I love puzzles. This is described by Alex Bellos at the Guardian.

It helps to write a spreadsheet to solve this.

- Set the column widths to be about the same as the height, making them look square.
- Draw out the puzzle by highlighting a phrase (there are 12 "phrases"), and formatting: format cells, borders, click outline, OK.
- Repeat for each of the other 11 phrases, highlight, Ctrl-Y (repeats the last format command for a new area)
- Count the lengths of the rectangles (these are "phrase length"), subtract (3 or 2) to get "word length"

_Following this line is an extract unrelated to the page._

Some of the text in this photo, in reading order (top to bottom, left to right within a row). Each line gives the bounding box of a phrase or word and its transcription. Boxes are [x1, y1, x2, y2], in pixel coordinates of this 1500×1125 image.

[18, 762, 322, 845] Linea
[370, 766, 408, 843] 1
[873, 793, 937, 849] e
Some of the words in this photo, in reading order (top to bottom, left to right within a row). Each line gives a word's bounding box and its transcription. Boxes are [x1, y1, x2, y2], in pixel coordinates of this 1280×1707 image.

- The area inside the blue box is named "puzzle"
- The formula (row 20) for "actual" is: = SUMPRODUCT( LEN(puzzle) - LEN( SUBSTITUTE(puzzle,"e","") ))

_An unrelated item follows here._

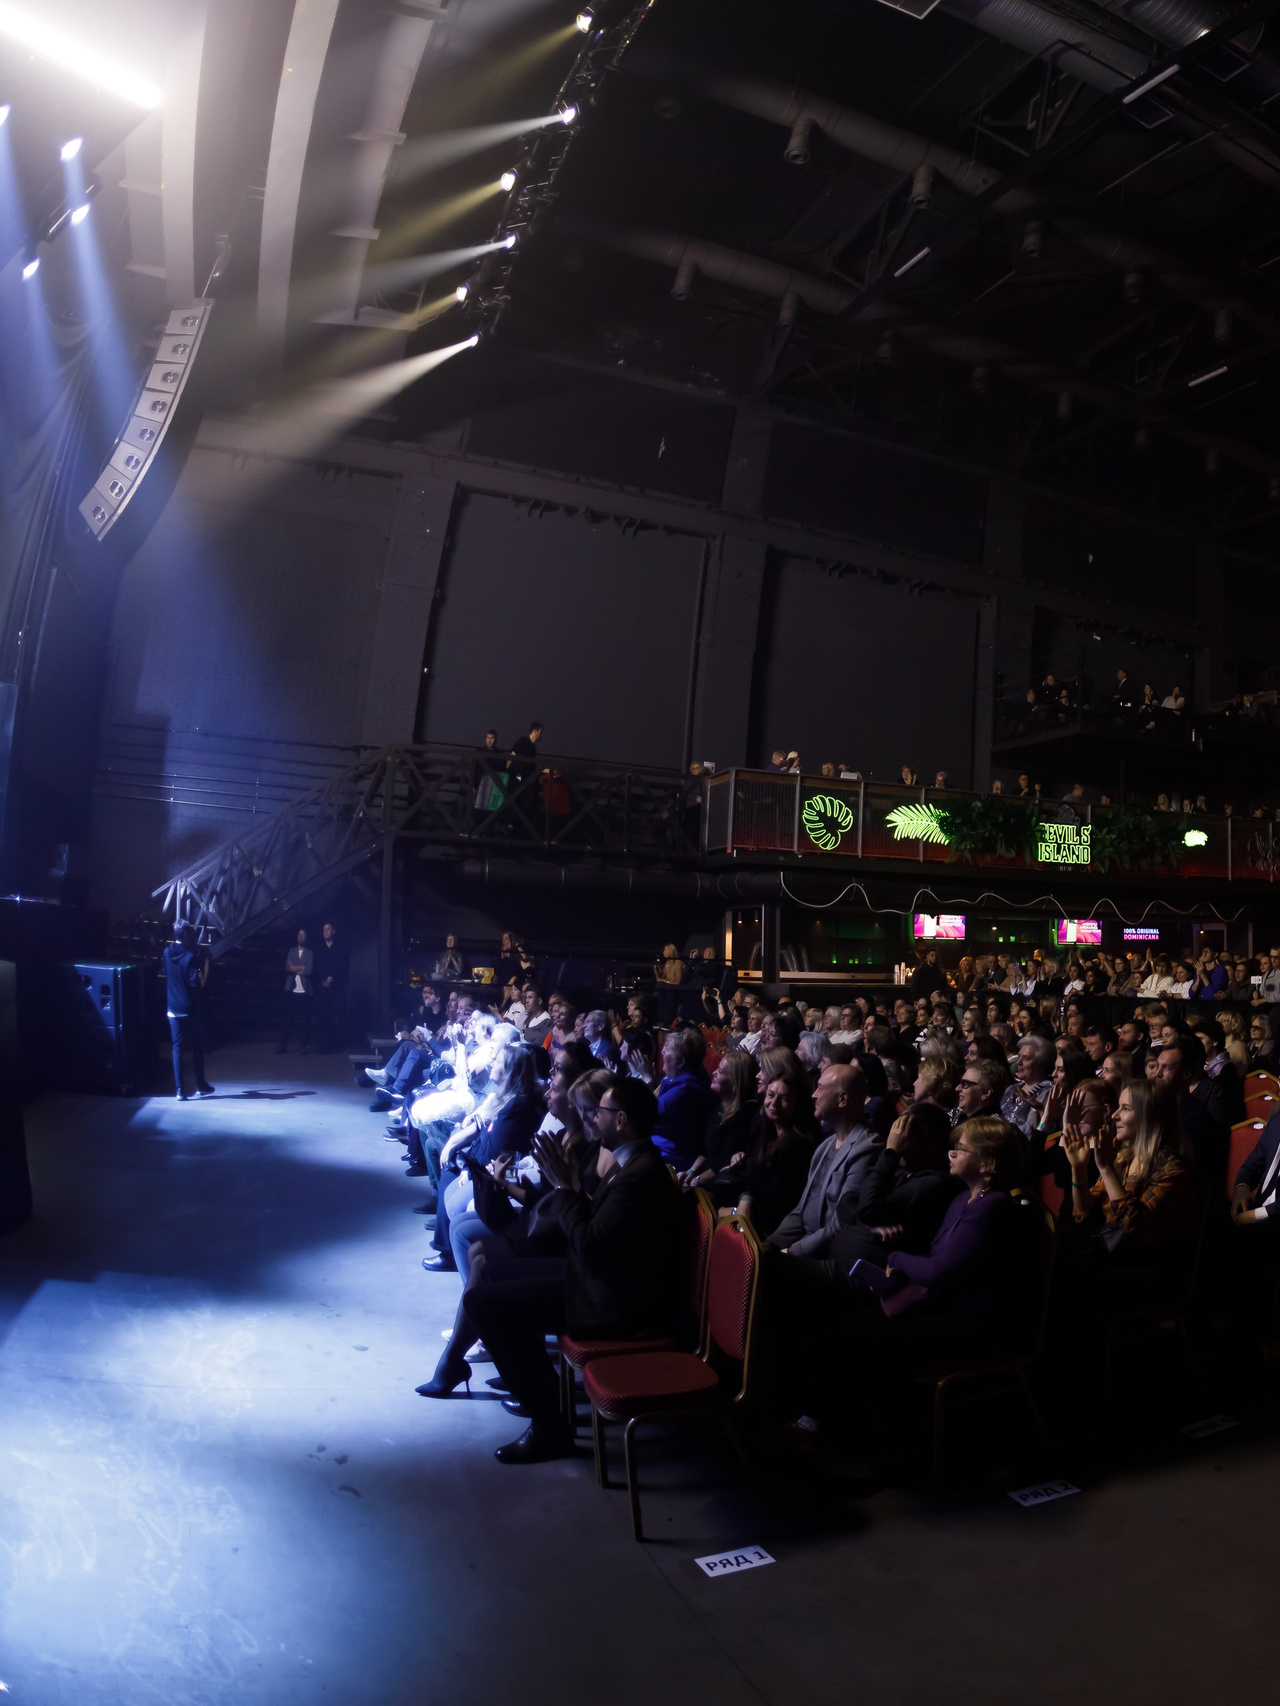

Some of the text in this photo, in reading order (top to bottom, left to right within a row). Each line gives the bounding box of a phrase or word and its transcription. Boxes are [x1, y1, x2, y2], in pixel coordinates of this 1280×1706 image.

[1038, 842, 1091, 864] ISLAND
[1018, 1482, 1074, 1502] РЯД 2
[704, 1550, 768, 1571] РЯД 1

- This formula is copied for the 11 rows below and the letter edited, each time.
- The formula for "= target" is: =IF( E20 = F20, "Y", "N")
- When they all show "Y", the puzzle is solved.
- The sum in cell e32 just tallies the 12 "actual" numbers. It must eventually show 68 when the puzzle is solved
- The working between p18 : ae32 allows one to count the number of times each number word is used and tally them (must be = 68 too)
- The cells bordered in red are named: number
- The "word cells" formula is just: = number * R19
- This formula is copied down and across (to the 3 combos). The "3 combos" show the 3 possible combinations of possible words.
- The "# letters" fomula is just the length of the number. e.g.: = LEN( AD20 )

This is not so easy to solve using purely coded program, because the rules to narrow down the combinations are not so clear. After you've figured out what constraints must be met it, no doubt, becomes much easier to program.